Esse texto nasceu de uma sensação muito familiar quando começo a falar sobre bissexualidade. Quando toco no assunto, especialmente se eu estiver respondendo a uma besteira que alguém falou — ou mesmo que eu esteja só demonstrando que eu existo —, é como se eu falasse para uma sala cheia de gente, que de repente se cala enquanto todo mundo desvia o olhar, ou analisa as unhas.


Agora mesmo tenho o sentimento de que só pessoas bissexuais vão ler isso até o fim.


POR QUÊ?


Hoje, depois de muito desgaste e muita discussão, resolvi tentar entender isso. Por que falar sobre ser mulher bissexual incomoda tanto? É quase palpável o desconforto em que presenciei isso, que dirá pela internet. Aposto que outras mulheres bissexuais partilham dessa mesma experiência. Por que relatos pessoais de mulheres bissexuais sobre as suas experiências são ignorados, ou até tripudiados?


“Mas você acha que sofre?” é o que dizem os olhos, a postura corporal, os comentários desconfiados.


Vamos começar por aí, então: esse tipo de questionamento aparece das mais variadas formas, e o mais interessante não é o que ele levanta, e sim o que ele omite.


A PALAVRA “BIFOBIA” PARECE UM PALAVRÃO.


“Você acha que sofre o suficiente para cunhar um termo só para isso? Então me prove.” Ah, o número de vezes em que eu entrei nessas discussões ou as vi acontecer sem que a outra pessoa demonstrasse qualquer vontade de aprender.


É engraçado que, diferente do que acontece com as outras mulheres (heterossexuais e lésbicas), quando se fala das violências específicas que passamos motivadas pela nossa bissexualidade, isso é recebido com apatia.
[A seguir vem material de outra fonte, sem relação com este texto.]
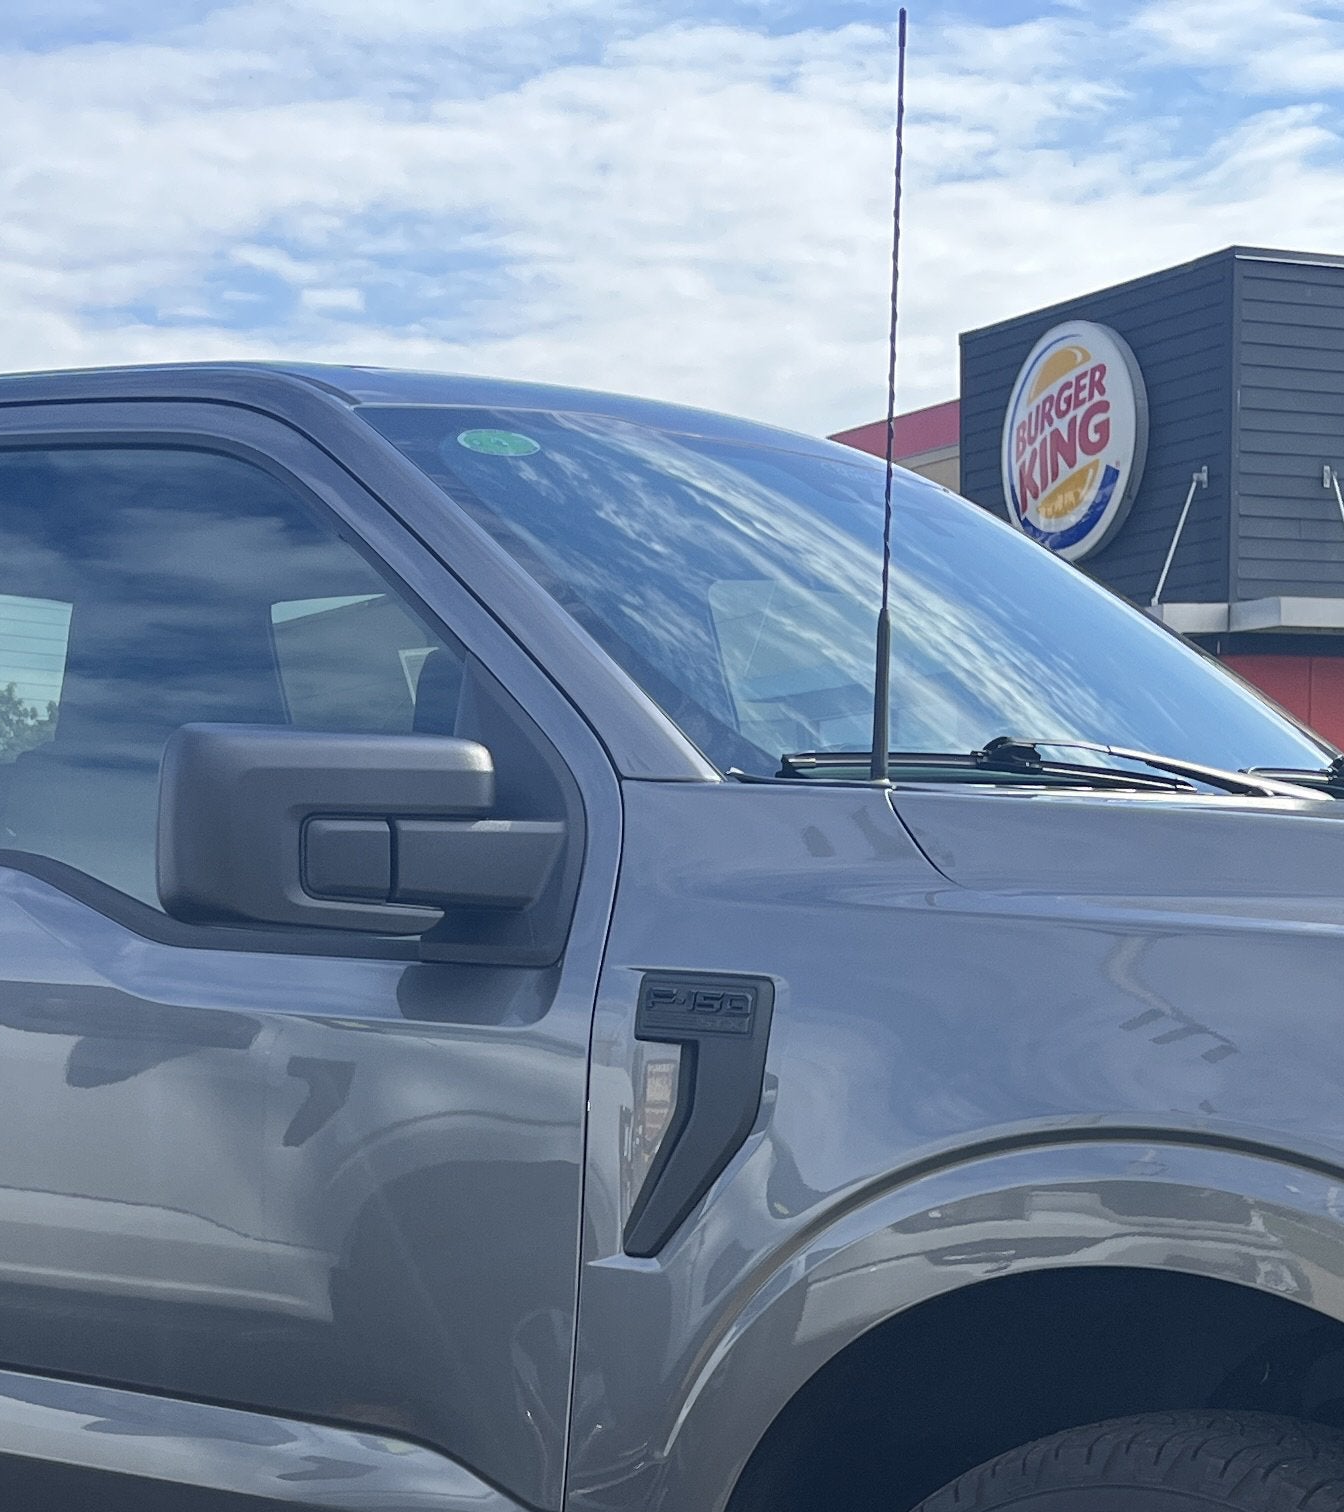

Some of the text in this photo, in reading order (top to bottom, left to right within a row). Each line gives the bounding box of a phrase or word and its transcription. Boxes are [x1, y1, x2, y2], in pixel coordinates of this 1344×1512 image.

[1015, 362, 1107, 464] BURGER
[1018, 399, 1111, 515] KING
[645, 986, 753, 1017] F-150
Falar de bifobia não gera nenhuma comoção. Parece até que acordamos um dia pensando: “Opa, vou aqui inventar um nome diferenciado e umas experiências ruins porque eu sou muito diferentona e gosto muito de chamar atenção.” Tipo certos estereótipos sobre mulheres bissexuais, mesmo.


Estereótipos estes tão atrelados a um imaginário coletivo que fomentam uma cultura de violência:

  • temos 46,1% de chances de sermos estupradas. É uma taxa 2,6 vezes maior do que as chances de mulheres heterossexuais e 3,5 vezes maior do que lésbicas;

  • 49,3% das mulheres bissexuais são vítimas de violência íntima severa de cônjuges;

  • mulheres bissexuais têm 61,1% de predominância no que tange estupro, violência física e perseguição por parceiros íntimos;

  • 40% das pessoas bis já consideraram o suicídio. Isso é quatro vezes o número de pessoas heterossexuais e duas vezes o número de pessoas homossexuais;

  • 28% das pessoas bissexuais revelam a sua orientação sexual para todas (ou quase todas) as pessoas importantes em suas vidas, enquanto esse número é de 77% dos homens gays e 71% das mulheres lésbicas;

  • entre mulheres e 18 a 44 anos, 29,4% das mulheres bissexuais são pobres, enquanto esse número é de 22,7% entre as lésbicas e de 21,1% entre heterossexuais.


Afinal, com o que eu, mulher bissexual, deveria me preocupar, né?


Estranhamente, apontar esses números parece ser uma verdade inconveniente. Talvez porque é o início de uma evidência de que algo diferente acontece com as mulheres bissexuais. Se elas são só “meio hétero e meio lésbicas”, por que as estatísticas são tão diferentes? Será que esses números teriam alguma ligação com esse imaginário da mulher insaciável, hipersexualizada, promíscua? Ou com a imagem de não-confiável, mau caráter e indecisa, que até a própria comunidade sexodiversa alimenta?


Ao invés de partir para essa discussão, geralmente esses dados são recebidos com suspeita. Quem os coletou? Qual foi a metodologia? E esses dados aqui, no Brasil? Como se a discussão e pesquisa brasileira sobre bissexualidade (e sexualidade) no geral fosse super recorrente e fácil de acontecer.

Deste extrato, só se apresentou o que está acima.